▸ TASK STATEMENT: Copy all the lines of the listing below exactly. Skip the images.

▸ RECORDS FOR PROCESSING:
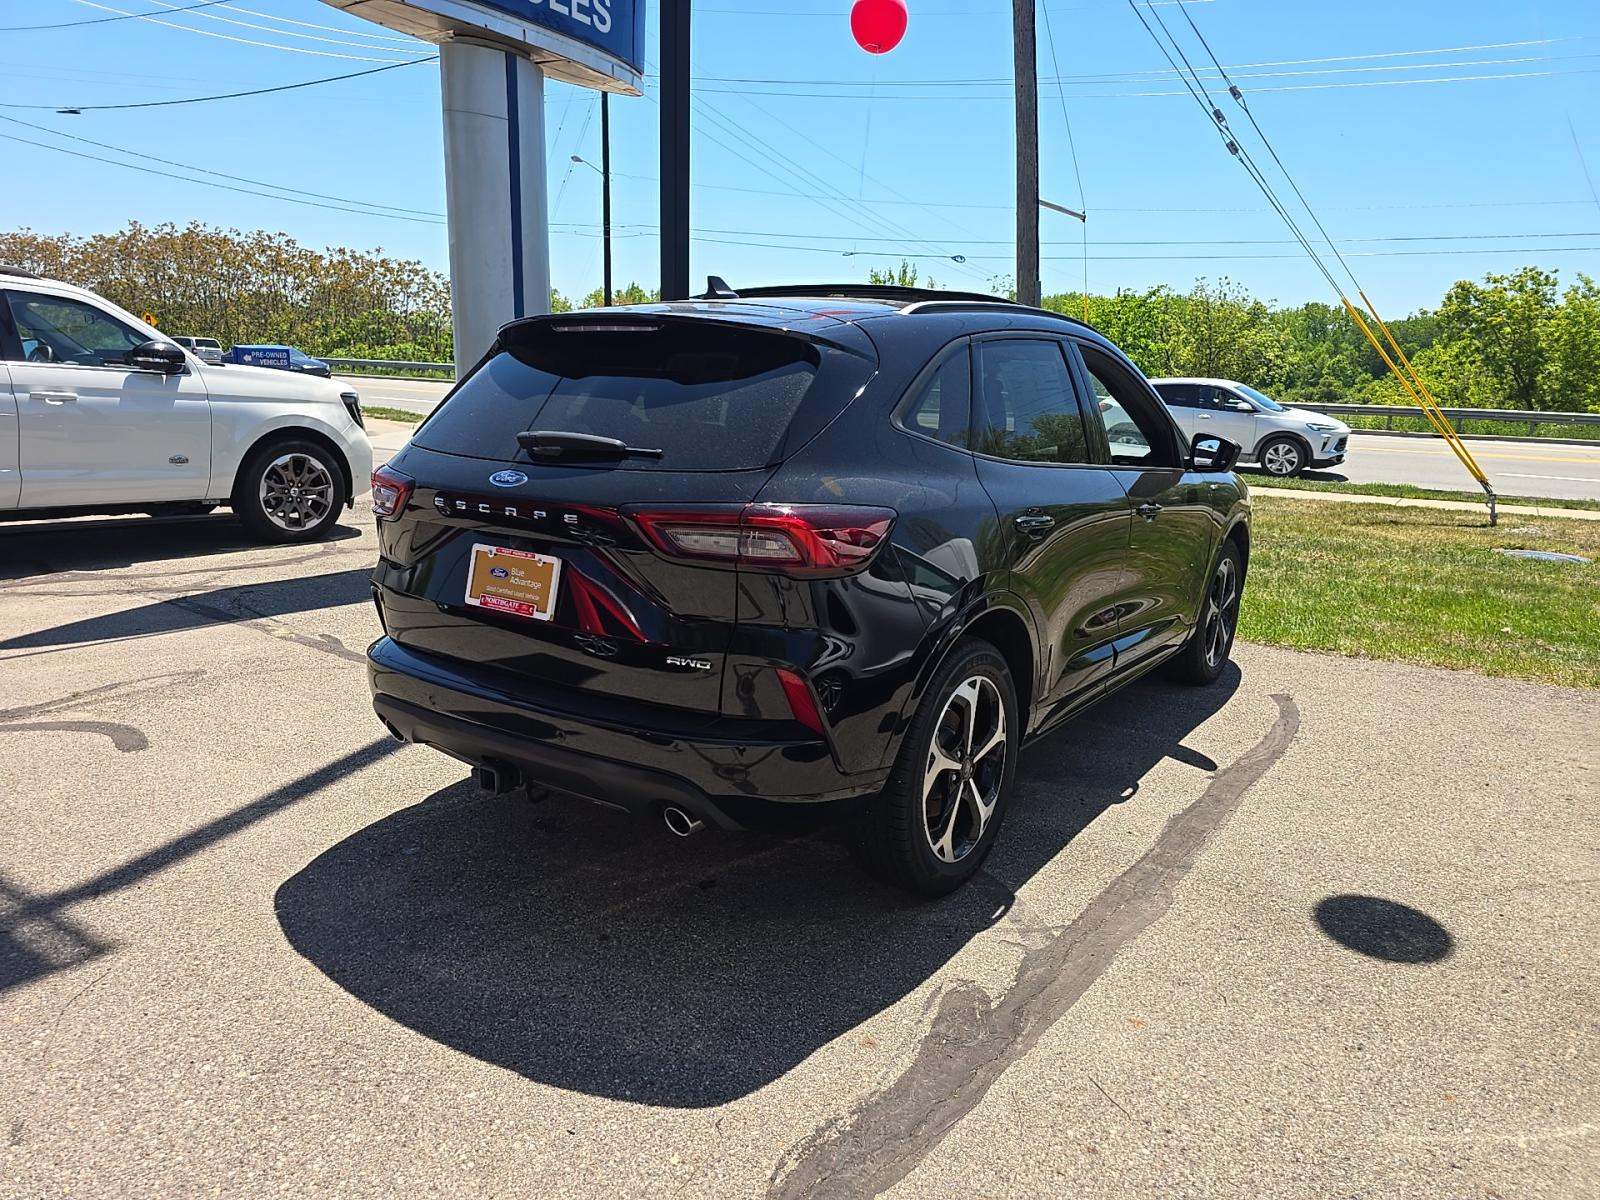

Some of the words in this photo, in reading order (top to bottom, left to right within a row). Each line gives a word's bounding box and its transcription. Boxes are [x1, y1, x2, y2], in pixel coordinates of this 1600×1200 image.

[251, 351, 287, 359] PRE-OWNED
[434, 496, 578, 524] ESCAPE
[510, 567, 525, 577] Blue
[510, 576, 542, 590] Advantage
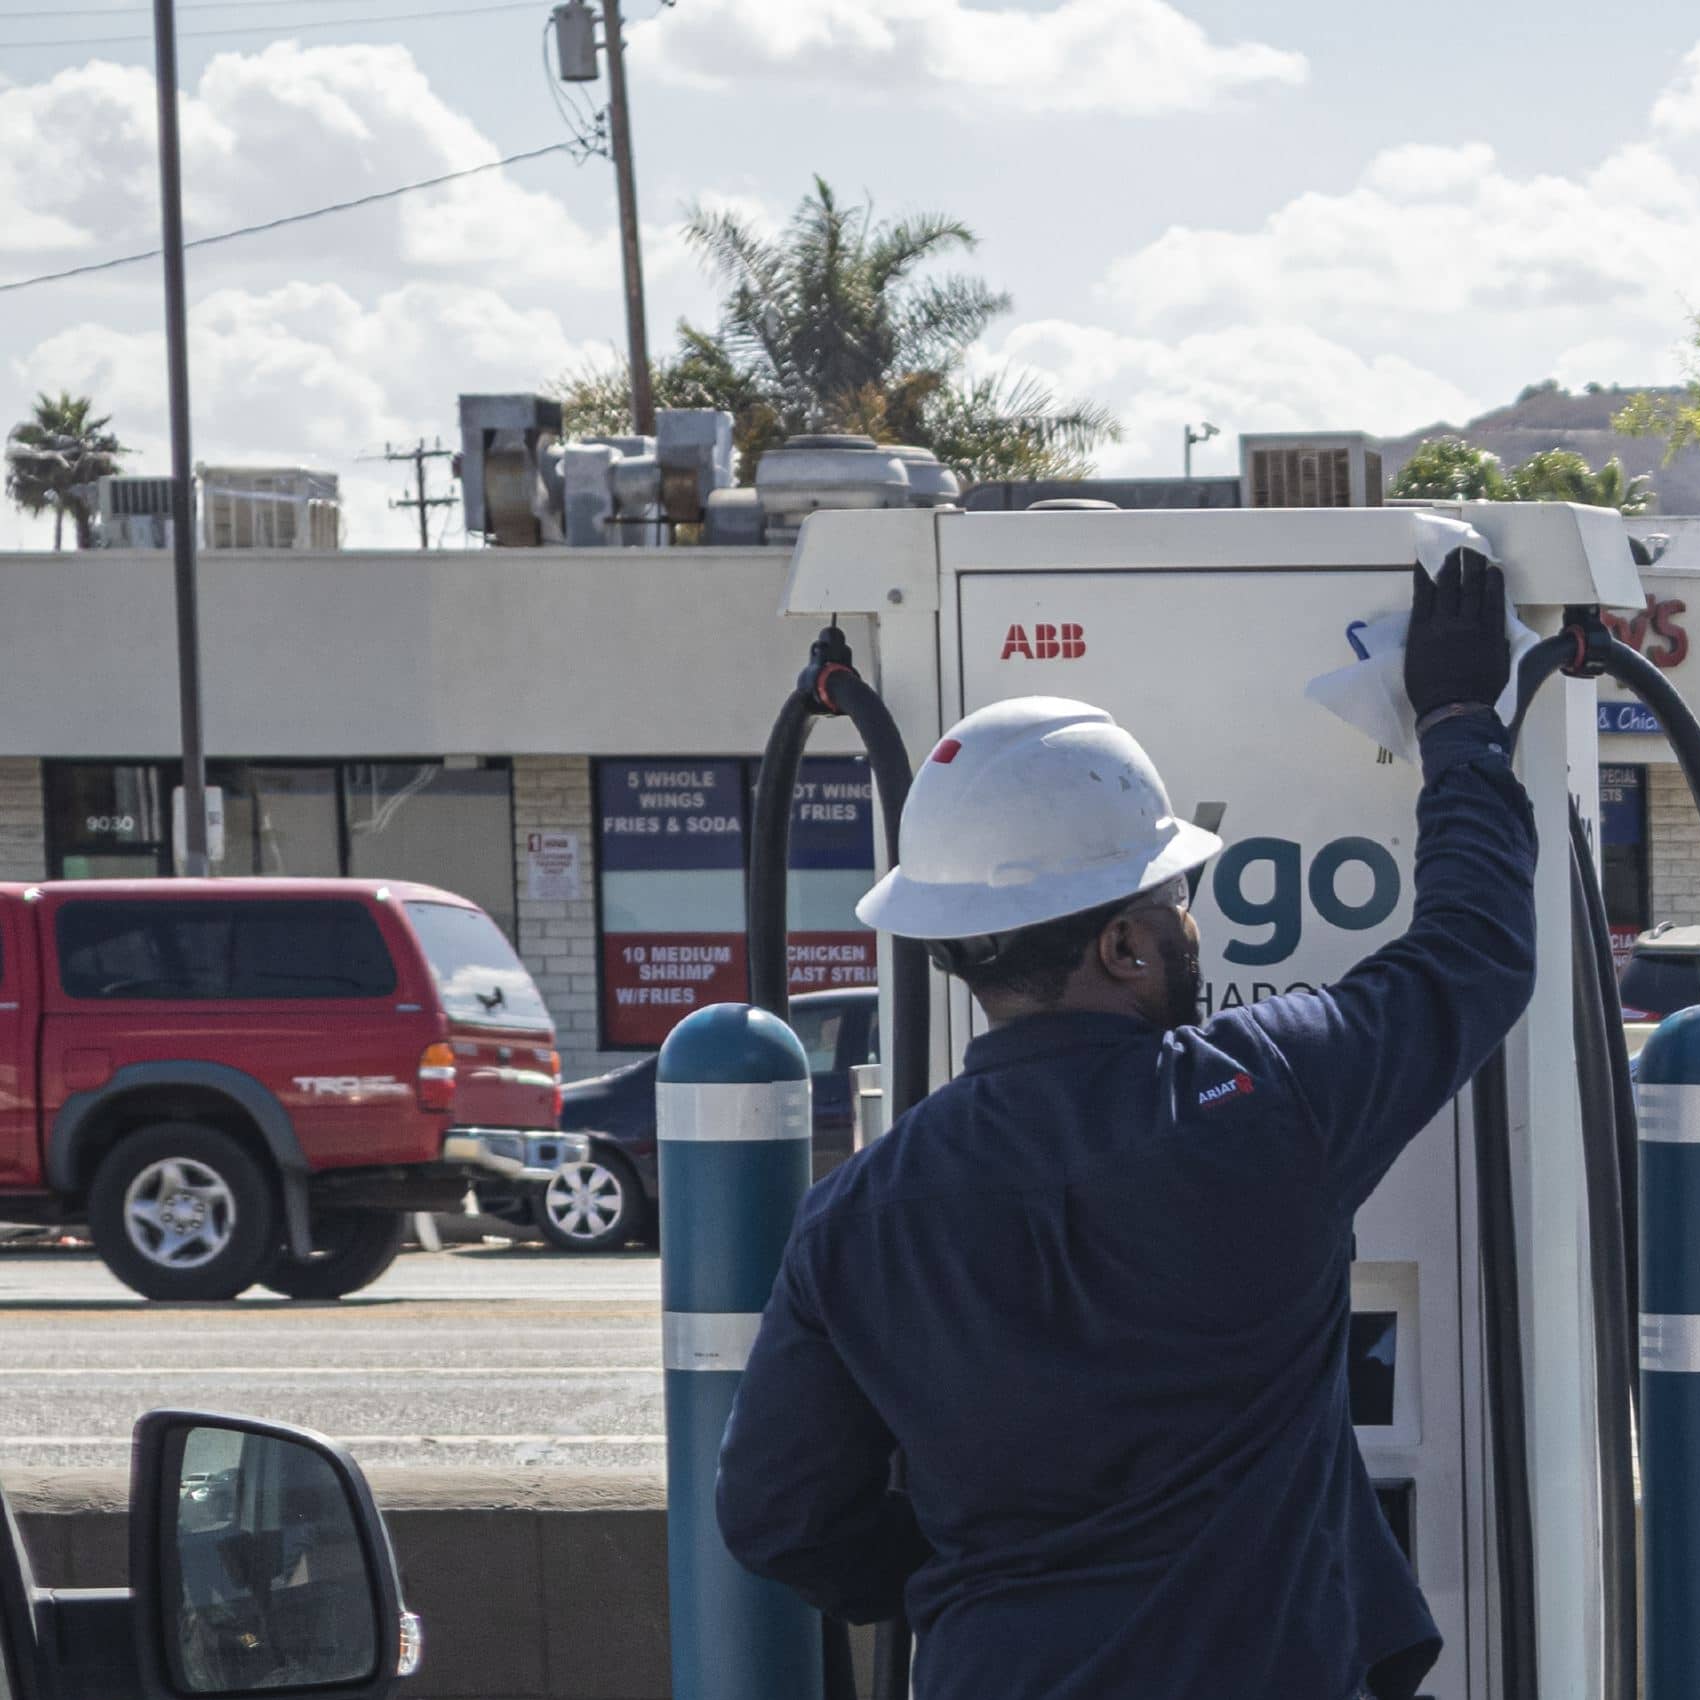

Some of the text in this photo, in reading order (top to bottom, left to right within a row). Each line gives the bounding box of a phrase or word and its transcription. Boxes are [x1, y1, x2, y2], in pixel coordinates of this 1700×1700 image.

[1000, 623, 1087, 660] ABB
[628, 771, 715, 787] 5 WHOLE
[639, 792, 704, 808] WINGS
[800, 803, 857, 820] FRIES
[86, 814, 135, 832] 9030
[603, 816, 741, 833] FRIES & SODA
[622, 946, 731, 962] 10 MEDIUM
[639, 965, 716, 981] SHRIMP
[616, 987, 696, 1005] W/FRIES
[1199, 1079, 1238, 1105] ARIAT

▸ OUTPUT OF THE TASK:
Some of the words in this photo, in reading order (top to bottom, left to right within a row). Each line gives a word's bounding box and its transcription. Boxes are [x1, y1, x2, y2], in pixel coordinates of this 1600×1200 image.

[251, 351, 287, 359] PRE-OWNED
[434, 496, 578, 524] ESCAPE
[510, 567, 525, 577] Blue
[510, 576, 542, 590] Advantage

Some of the text in this photo, in reading order (top to bottom, left to right within a row). Each line gives the bounding box of a phrase or word and its transcription. Boxes are [x1, y1, x2, y2], in pixel coordinates of this 1700×1700 image.

[1000, 623, 1087, 660] ABB
[628, 771, 715, 787] 5 WHOLE
[639, 792, 704, 808] WINGS
[800, 803, 857, 820] FRIES
[86, 814, 135, 832] 9030
[603, 816, 741, 833] FRIES & SODA
[622, 946, 731, 962] 10 MEDIUM
[639, 965, 716, 981] SHRIMP
[616, 987, 696, 1005] W/FRIES
[1199, 1079, 1238, 1105] ARIAT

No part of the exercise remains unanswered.